For about an hour this morning, my kids and I found a game we could all play together (mostly) in harmony with everyone having fun. I have no idea what the name of it is. It involves a logging truck, a sick baby, a laundry basket, and squeaking llama. Something for everybody, I guess. 

You see, one of my son's birthday gifts on Tuesday was a wooden tractor-trailer that hauls a set of 5 (I counted for inevitable losses) logs strapped down with a buckle. But the game really started when my daughter called me into her room to help assist with her "sick baby." She's obsessed with doctors, illness, the human body...all in a completely healthy way, mind you. She just loves muscles and bones and handing out pretend medicine while telling those who come around to be quiet because her doll is sick. Her doll is always sick. Sometimes her doll recovers. But mostly her doll just gets sick again. 

By this point, the doll is in one of my daughter's t-shirts from the laundry basket.

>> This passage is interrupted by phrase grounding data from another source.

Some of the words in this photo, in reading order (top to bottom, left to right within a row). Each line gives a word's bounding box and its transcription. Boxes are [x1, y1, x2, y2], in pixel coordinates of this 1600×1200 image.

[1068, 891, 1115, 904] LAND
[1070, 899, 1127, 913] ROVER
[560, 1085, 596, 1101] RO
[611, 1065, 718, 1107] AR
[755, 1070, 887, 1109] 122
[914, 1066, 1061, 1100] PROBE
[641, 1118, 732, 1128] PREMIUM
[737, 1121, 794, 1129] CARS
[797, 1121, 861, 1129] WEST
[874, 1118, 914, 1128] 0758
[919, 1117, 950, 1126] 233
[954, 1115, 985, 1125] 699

We've made a bed on the floor out of blankets and we're all quietly waiting for (unnamed) doll's medicine to kick in. That's when my son makes an entrance with his log truck. Er, no, let me back up...he makes an entrance to tell us, "log truck has a surprise for you!" 

"Oh, really? What is it?" 

"Logs!"

Gosh, who would have seen that one coming? 

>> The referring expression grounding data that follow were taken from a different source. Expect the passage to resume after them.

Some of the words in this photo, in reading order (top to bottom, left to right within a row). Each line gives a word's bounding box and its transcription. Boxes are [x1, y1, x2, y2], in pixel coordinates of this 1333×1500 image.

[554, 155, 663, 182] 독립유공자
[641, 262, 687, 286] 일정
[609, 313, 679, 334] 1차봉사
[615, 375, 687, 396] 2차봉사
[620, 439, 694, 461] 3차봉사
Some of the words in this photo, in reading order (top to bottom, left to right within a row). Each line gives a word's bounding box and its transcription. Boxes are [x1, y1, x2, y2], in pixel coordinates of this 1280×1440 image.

So my son begins to hand out logs. One to the stuffed llama with the squeaker inside. One for the sick baby. One for me. One for Leda. One for he and his blankie to share. Somehow we all end up laying on the floor snuggling this one sick doll...until the llama squeaks and "wakes" my son up. 

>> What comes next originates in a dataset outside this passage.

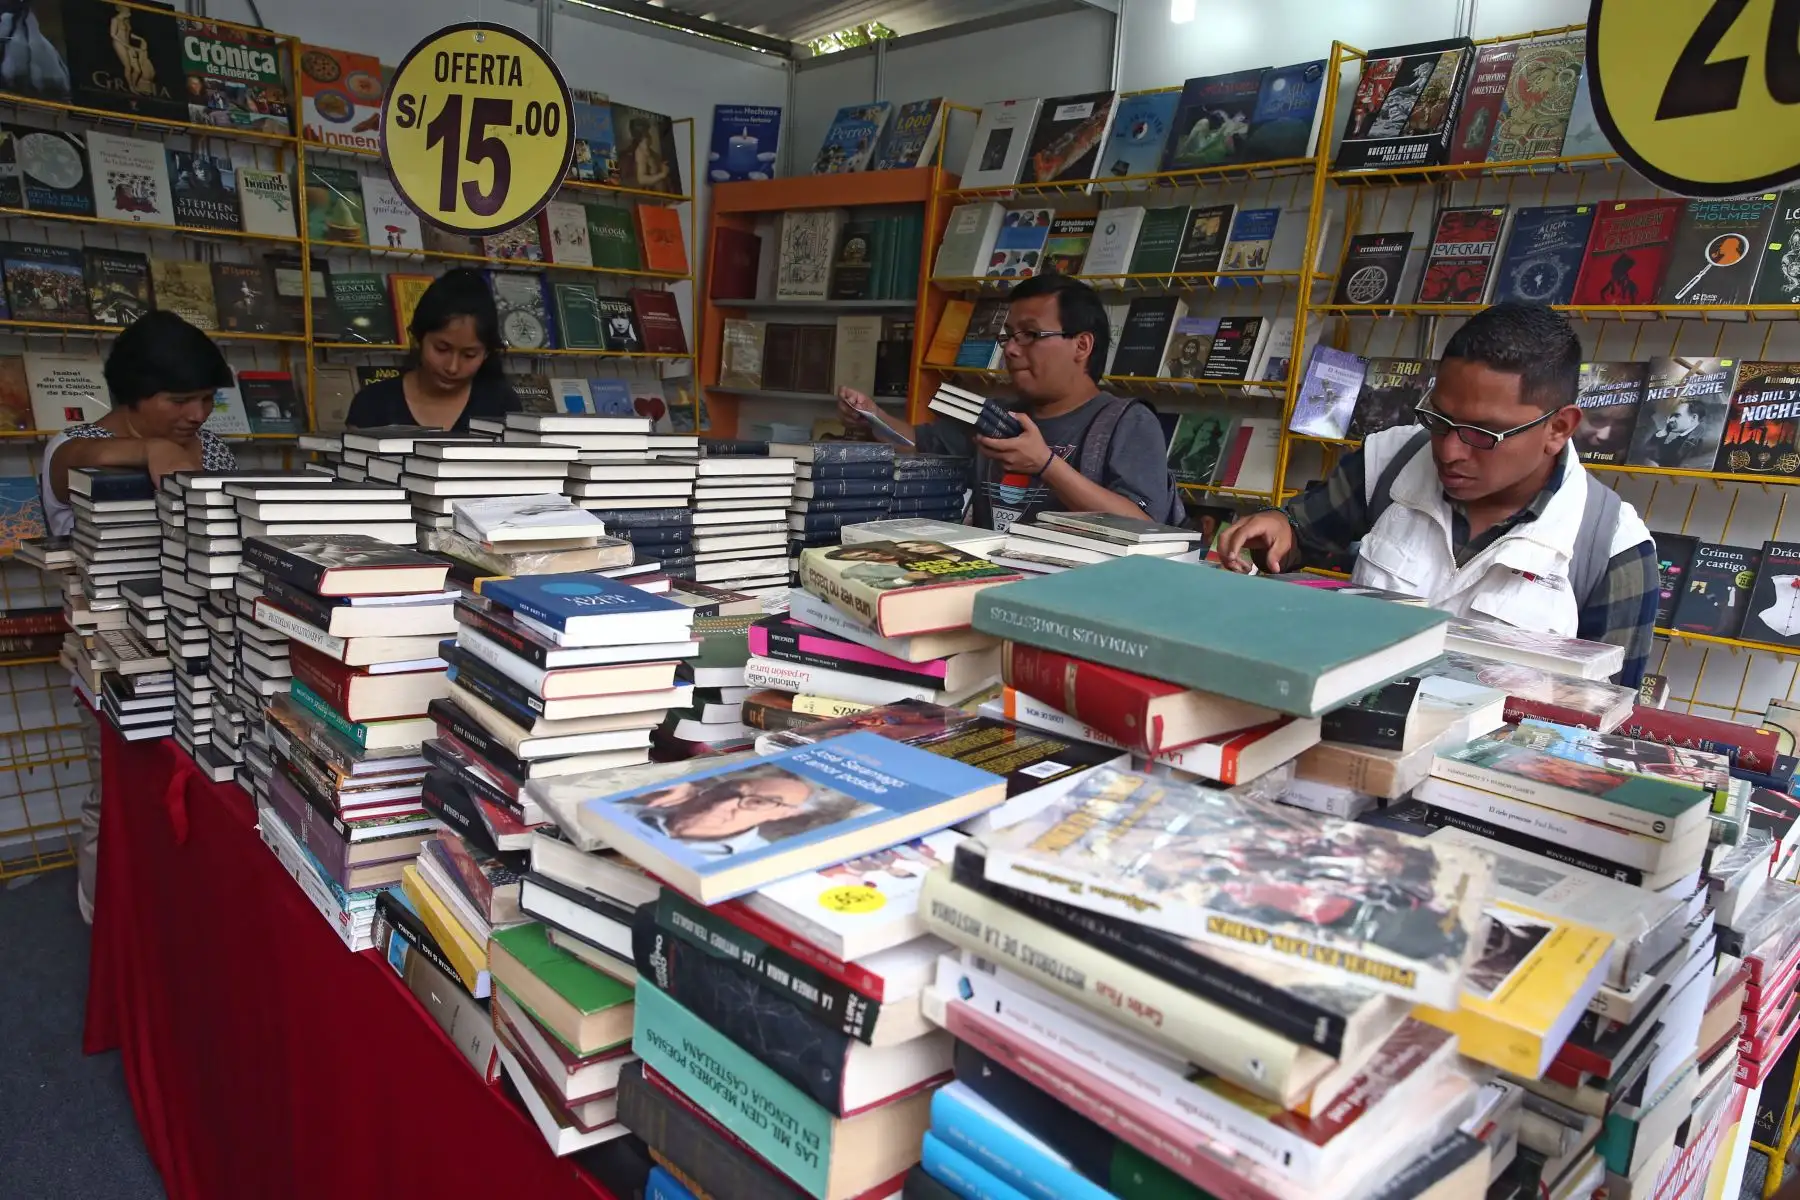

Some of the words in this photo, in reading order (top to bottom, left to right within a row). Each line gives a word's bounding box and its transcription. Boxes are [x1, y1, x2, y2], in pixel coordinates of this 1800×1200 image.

It's about this time that my daughter decides the baby is now sick enough that it needs to be driven to the hospital. So she dumps all the dirty laundry out of the basket and climbs in her "car" to go "to Chicago"--which is, apparently, where the nearest hospital is capable of handling this disease? 

Things get a little weird here so I'm not sure if we ever make it. Nap time came quickly once my son informed us that...actually...we live on an island. So that's a monkey wrench. Somehow he ends up in the laundry basket car--maybe there's a bridge?--but doesn't now how to drive it. So we spend a good 5 minutes with her trying to show him how to drive a laundry basket automobile. 

Is there a bridge? Is it an underwater car? We'll never know. It was time for chocolate milk and the game kind of fell apart as quickly as it started. Not 2 hours earlier, there had been a huge fight over a new piece of Thomas and Friends track where both kids were crying and one ended up with a scratched face. 

I'll consider an hour of pretend to be a victory for getting along. Even if it involves lumberjacks who deliver shipments of unfinished wood to sick pediatric patients. In the twisted world of a 2 and 4 year old, it made sense at the time.